Friends of the Dunes and the Bureau of Land Management Arcata Field Office organized the Kids Ocean Day event locally, with help from the California Conservation Corps, California State Parks Lifeguards, and US Fish & Wildlife Service. The Humboldt County event was part of the statewide Kids Ocean Day program funded by the California Coastal Commission, a series of student cleanups and aerial art displays at five sites along the California Coast. Across the state, students received classroom presentations highlighting the biodiversity of California’s coastal environments, how we are connected to these habitats through watersheds, and the importance of protecting our coast and ocean. Kids all along the coast of California participated in beach cleanup events throughout late May and early June, leading up to World Ocean Day on June 8, a global day of ocean celebration and collaboration for a better future. In Humboldt County, students participated in a day of ecosystem restoration, removing non-native invasive plant species to create space for native biodiversity, along with trash removal. This year each site focused on a message of Joy.

Our image of three ochre stars (Pisaster ochraceus) was chosen because these ocean animals were hit hard by a sea star wasting syndrome almost 10 years ago with huge die-offs along the west coast.
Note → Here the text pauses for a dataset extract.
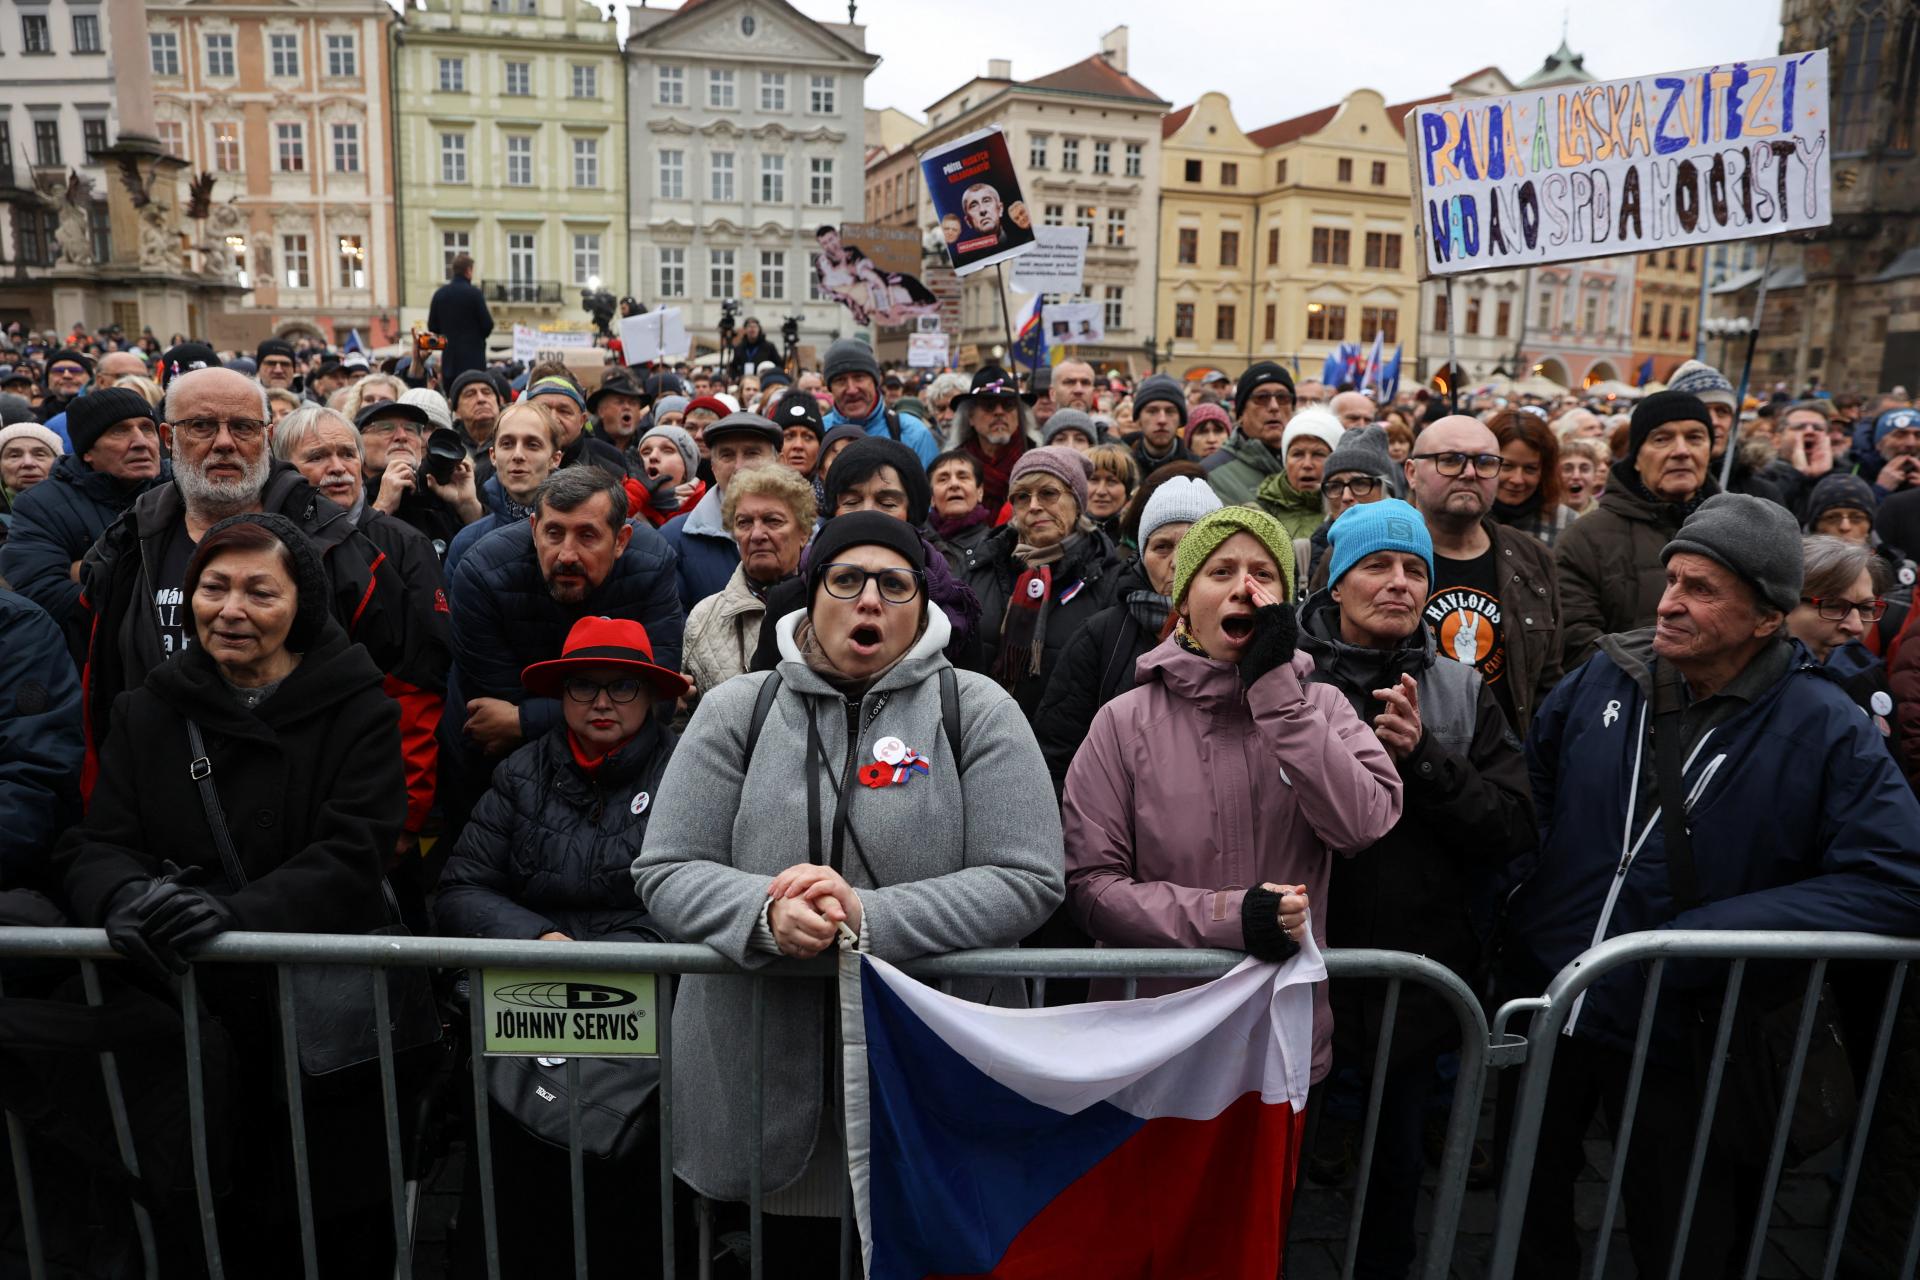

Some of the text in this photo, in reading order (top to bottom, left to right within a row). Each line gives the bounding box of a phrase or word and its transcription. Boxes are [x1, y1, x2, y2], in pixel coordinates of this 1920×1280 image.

In recent years, populations of sea stars have been recovering and they are once again becoming a common sighting on northern California beaches. “This is our 17th Annual Kids Ocean Day event in Humboldt County, and our first time back since 2019. This is our comeback story, much like the ochre sea stars, and I am so proud to be a part of it.” said Emily Baxter, Friends of the Dunes Education Coordinator. “During this event students from all over Humboldt County come together to not only be coastal stewards but also to have fun! For many of these kids, this is one of their first field trips since coming back to school full time, so we are excited to bring back a joyous occasion that they look forward to every year.”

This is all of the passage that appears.